Technology also changed the types of feats for which one could get famous.  Take acting for example. No matter how charismatic an actor was in the days before modern technology, his impact was severely limited to who could see him in person. Before radio and television, he could travel with his production but was limited to how fast his transportation was and how extensively his production toured. And he only had an impact when he was actually physically acting. He couldn’t be visually or orally recorded for later viewing or listening by people who didn’t see his performance in person. He performance couldn’t be broadcast to other places around the globe. He couldn’t even be photographed. The writer was more likely to achieve immortality through fame because his contribution was more fully captured than the actor’s. More eyes through the ages could be exposed to his written words through the ages than to the actors performing his works. This is why actors in Shakespeare’s day were considered extremely low status and today are little know, but Shakespeare himself is the most immortalized contributor to his plays.

Fast forward several hundred years and through modern technology, especially in the form of moving pictures, suddenly the actor is the most visible and transmitted part of a performed story. Out of everyone involved in the collaborative moviemaking process, actors were now the ones most likely to achieve enduring fame, thereby making them the closest to achieving immortality. These technological advances have turned acting from one of the lowest status jobs to one of the highest status jobs, as it became the best gateway for a human being to achieve immortality through fame.

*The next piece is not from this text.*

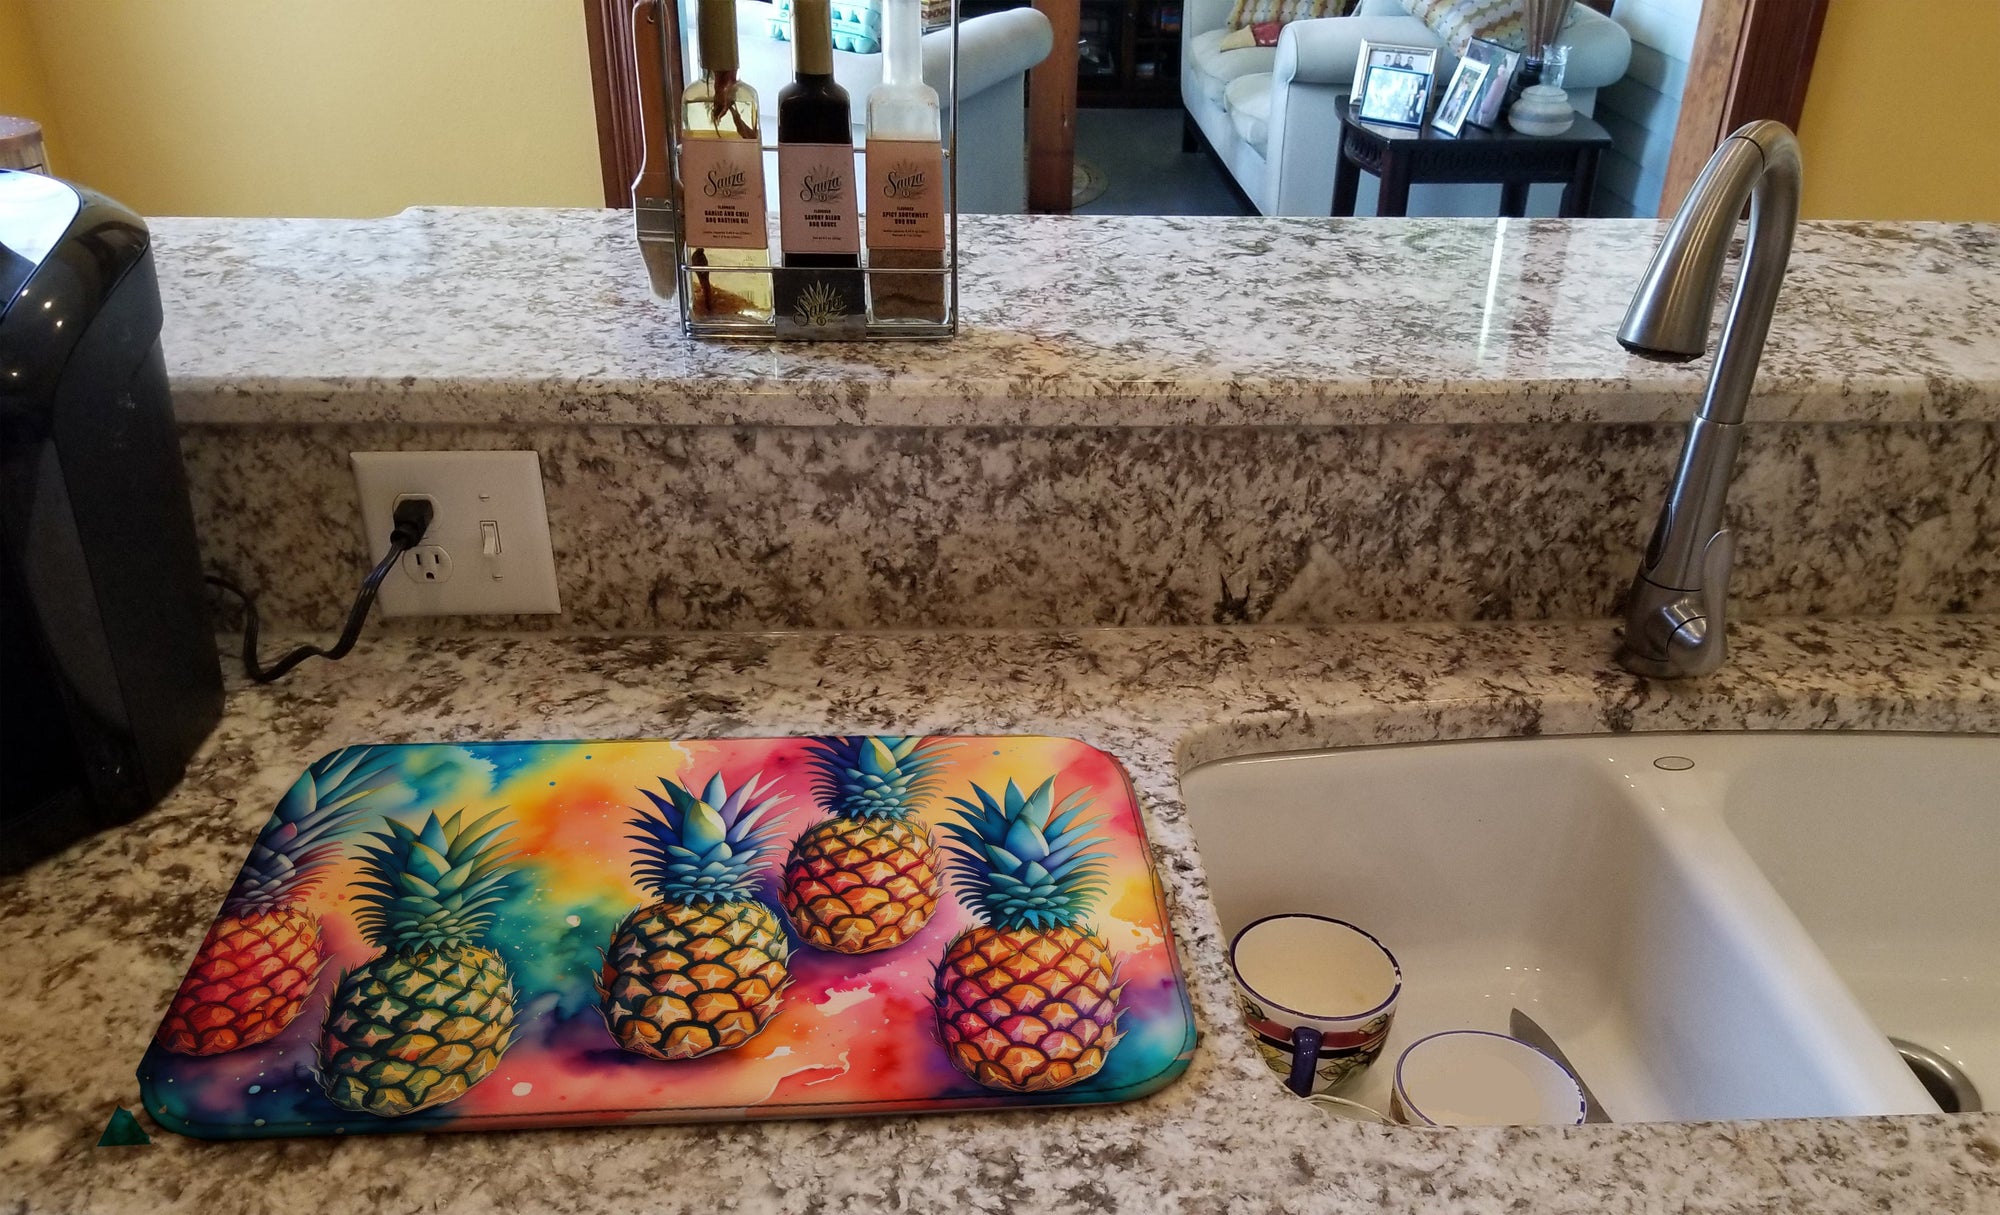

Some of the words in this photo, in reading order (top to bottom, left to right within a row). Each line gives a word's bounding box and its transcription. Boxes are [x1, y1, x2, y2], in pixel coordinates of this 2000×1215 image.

[704, 170, 745, 197] Sauza
[800, 175, 841, 202] Sauza
[883, 171, 924, 198] Sauza

And it’s not just people aspiring to be actors, models and writers that try to be famous. Think of the philanthropists, endowment donors and powerful people who like to name things after themselves, like the wing of a university or hospital, or the way Donald Trump names buildings after himself and tries to become a star. This is a way to make their name and image memorable even though their body will expire.

What all these traditional routes to fame have in common, though, is that they require some natural gifts, guts, wealth or talent. Conqueror, politician, matinee idol, tycoon…all of these are out of the realm of possibility for most people. But now the route to immortality through fame has been democratized even further with the Internet (for  example Youtube and blogs) and reality TV.  The bar has been lowered even more and fame now seems more attainable to the masses than ever before. Talent, good looks, guts, money, none of that is a prerequisite anymore to fame. All you need is an exhibitionist streak and a total lack of shame. The desire to becoming immortal through fame is nothing new, except now it doesn’t seem quite as delusional as before given current technology and media options.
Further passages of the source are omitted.